=== Begin Enclosure ===
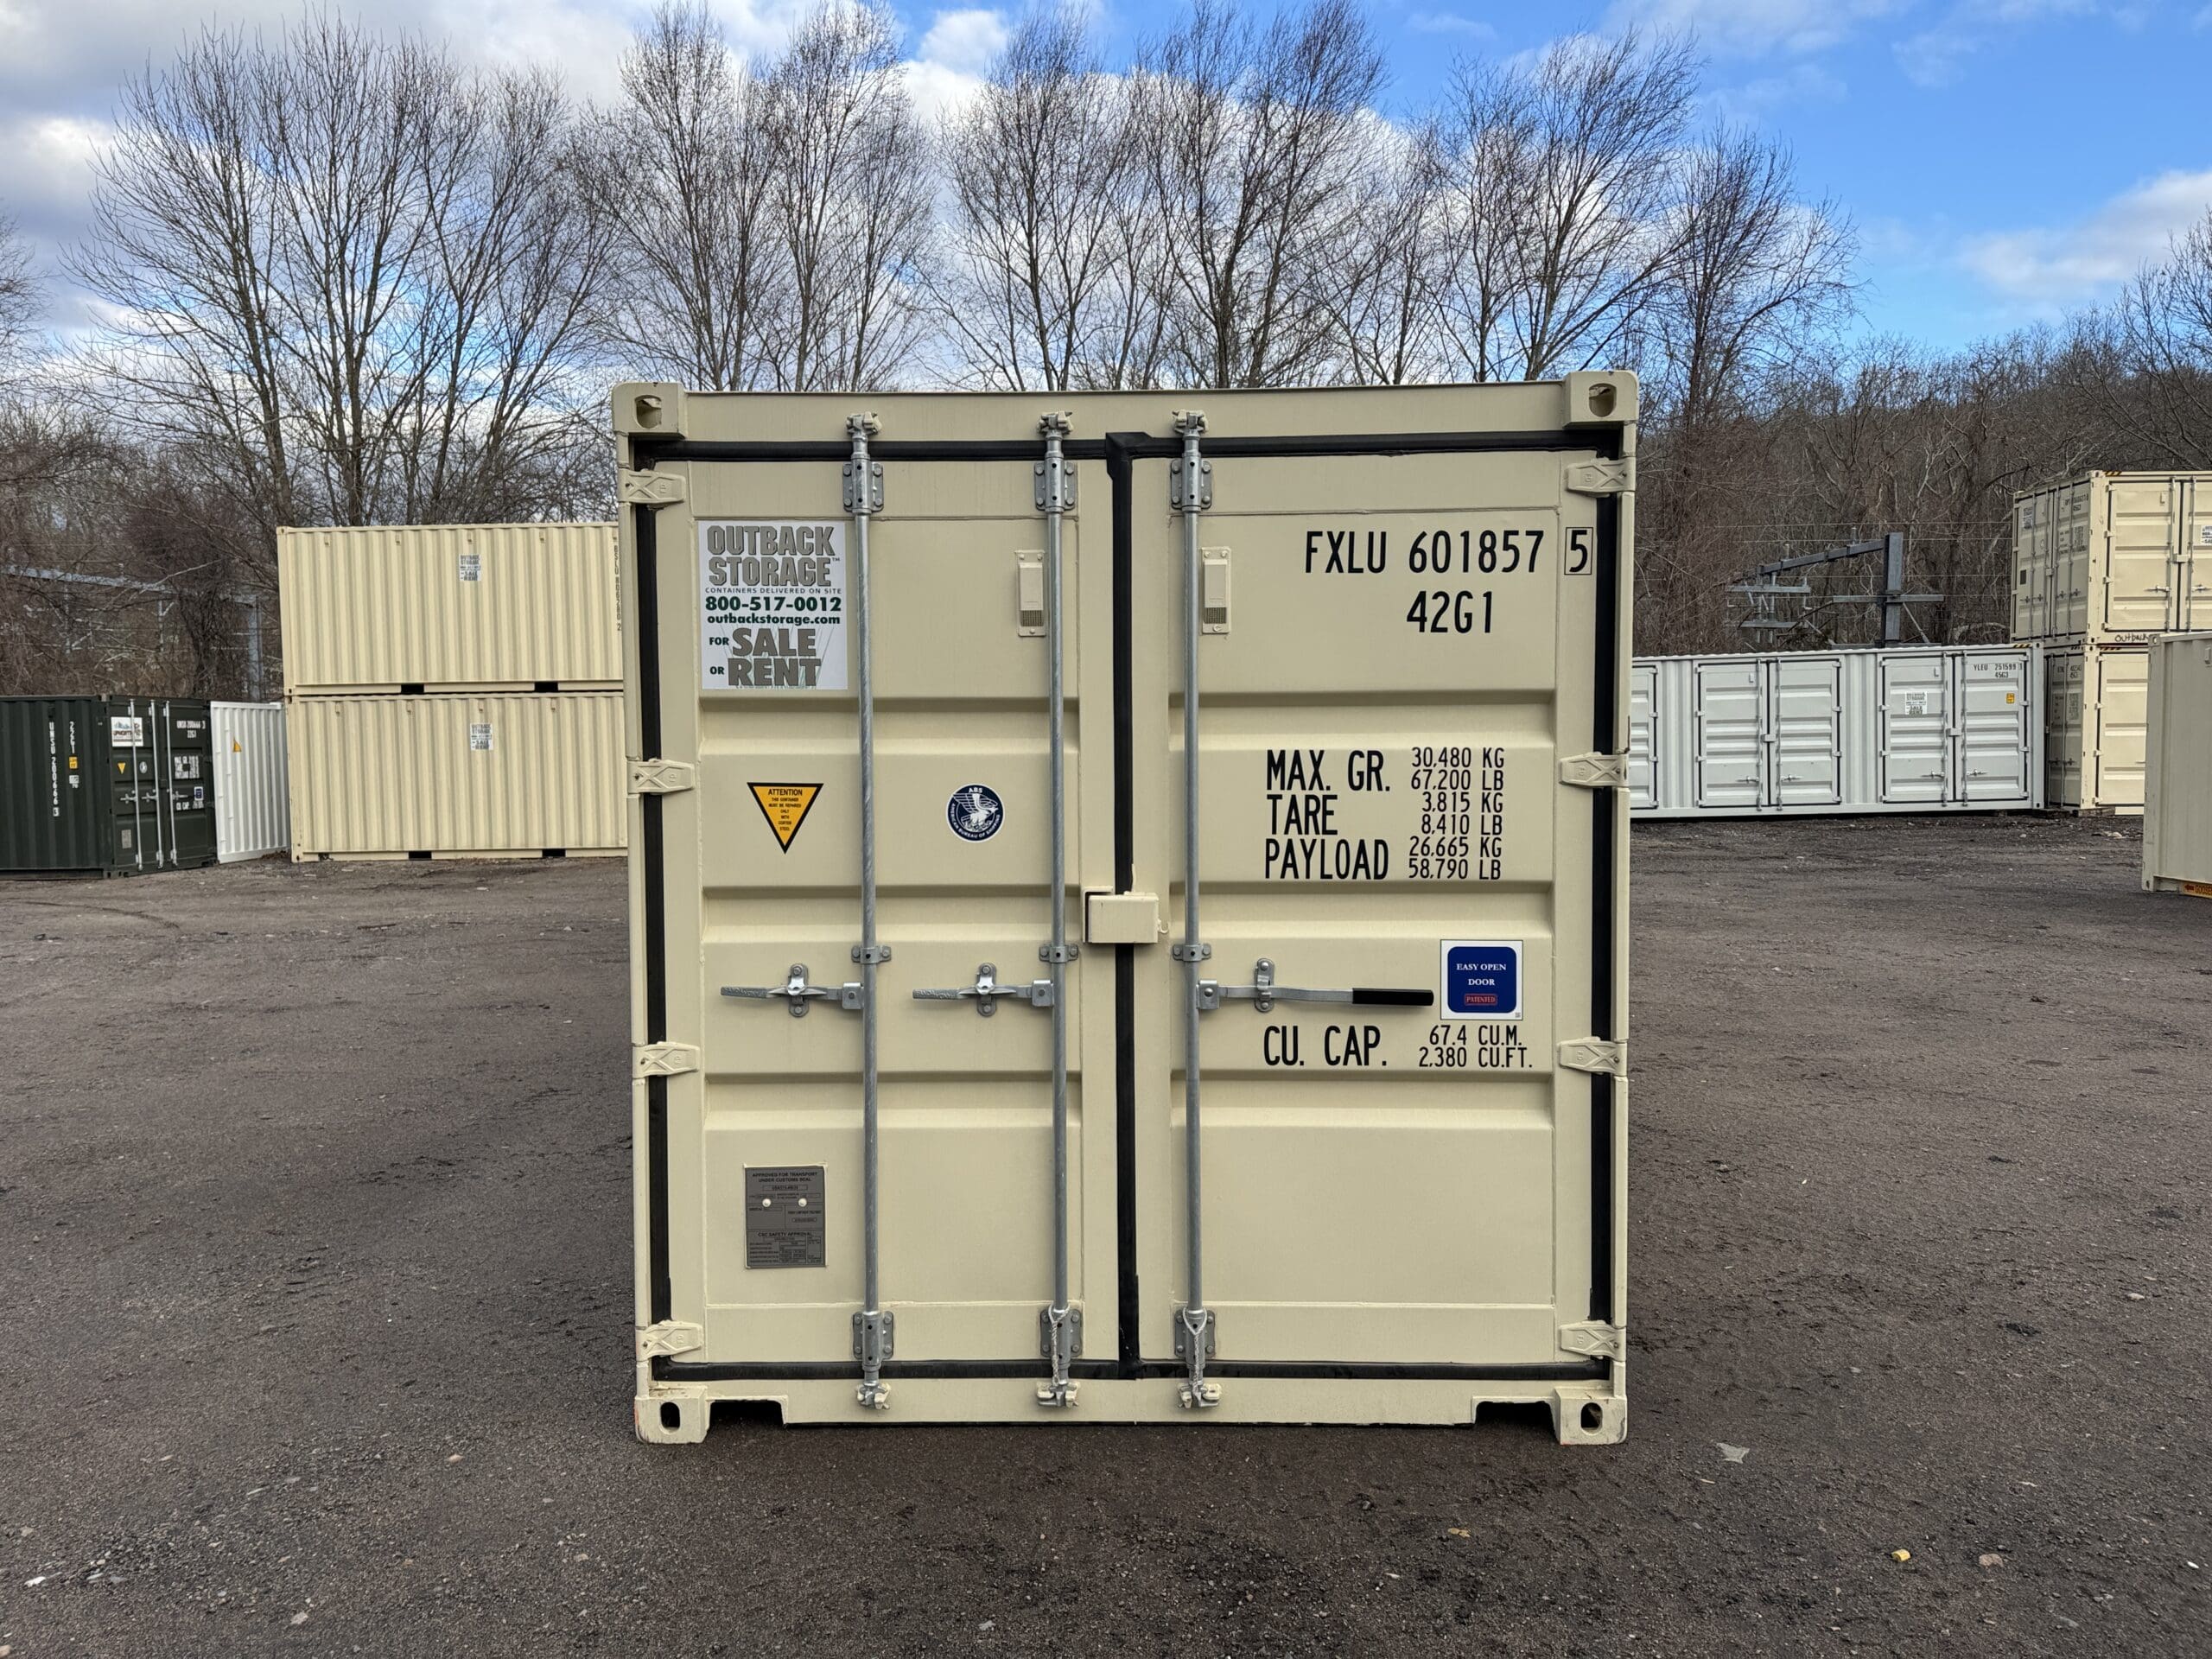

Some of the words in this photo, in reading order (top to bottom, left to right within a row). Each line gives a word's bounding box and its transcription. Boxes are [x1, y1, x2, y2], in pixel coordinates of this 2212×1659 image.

[707, 525, 836, 556] OUTBACK
[1305, 531, 1387, 574] FXLU
[1408, 530, 1544, 574] 601857
[1568, 530, 1588, 573] 5
[709, 556, 831, 587] STORAGE
[705, 596, 842, 611] 800-517-0012
[1406, 590, 1492, 633] 42G1
[708, 613, 840, 626] outbackstorage.com
[709, 637, 729, 645] FOR
[732, 627, 817, 657] SALE
[709, 666, 725, 675] OR
[728, 658, 822, 686] RENT
[1267, 749, 1331, 791] MAX.
[1348, 750, 1390, 791] GR.
[1411, 747, 1471, 768] 30,480
[1483, 747, 1504, 768] KG
[1411, 769, 1471, 790] 67,200
[1482, 770, 1503, 791] LB
[1267, 794, 1338, 835] TARE
[1422, 791, 1470, 813] 3,815
[1481, 791, 1503, 813] KG
[1421, 814, 1470, 835] 8,410
[1480, 815, 1503, 836] LB
[1265, 838, 1389, 880] PAYLOAD
[1409, 836, 1468, 857] 26,665
[1480, 836, 1502, 858] KG
[1408, 858, 1468, 879] 58,790
[1479, 859, 1501, 880] LB
[1263, 1025, 1305, 1066] CU.
[1324, 1025, 1387, 1066] CAP.
[1429, 1025, 1467, 1046] 67.4
[1478, 1025, 1522, 1046] CU.M.
[1419, 1046, 1467, 1068] 2,380
[1478, 1046, 1533, 1068] CU.FT.
=== End Enclosure ===
▸ **What you have to do**: Copy out the listing above in full and leave out its pictures.

▸ **Answer to the problem**:
Some of the words in this photo, in reading order (top to bottom, left to right within a row). Each line gives a word's bounding box and its transcription. Boxes are [x1, y1, x2, y2], in pixel coordinates of this 2212×1659 image.

[707, 525, 836, 556] OUTBACK
[1305, 531, 1387, 574] FXLU
[1408, 530, 1544, 574] 601857
[1568, 530, 1588, 573] 5
[709, 556, 831, 587] STORAGE
[705, 596, 842, 611] 800-517-0012
[1406, 590, 1492, 633] 42G1
[708, 613, 840, 626] outbackstorage.com
[709, 637, 729, 645] FOR
[732, 627, 817, 657] SALE
[709, 666, 725, 675] OR
[728, 658, 822, 686] RENT
[1267, 749, 1331, 791] MAX.
[1348, 750, 1390, 791] GR.
[1411, 747, 1471, 768] 30,480
[1483, 747, 1504, 768] KG
[1411, 769, 1471, 790] 67,200
[1482, 770, 1503, 791] LB
[1267, 794, 1338, 835] TARE
[1422, 791, 1470, 813] 3,815
[1481, 791, 1503, 813] KG
[1421, 814, 1470, 835] 8,410
[1480, 815, 1503, 836] LB
[1265, 838, 1389, 880] PAYLOAD
[1409, 836, 1468, 857] 26,665
[1480, 836, 1502, 858] KG
[1408, 858, 1468, 879] 58,790
[1479, 859, 1501, 880] LB
[1263, 1025, 1305, 1066] CU.
[1324, 1025, 1387, 1066] CAP.
[1429, 1025, 1467, 1046] 67.4
[1478, 1025, 1522, 1046] CU.M.
[1419, 1046, 1467, 1068] 2,380
[1478, 1046, 1533, 1068] CU.FT.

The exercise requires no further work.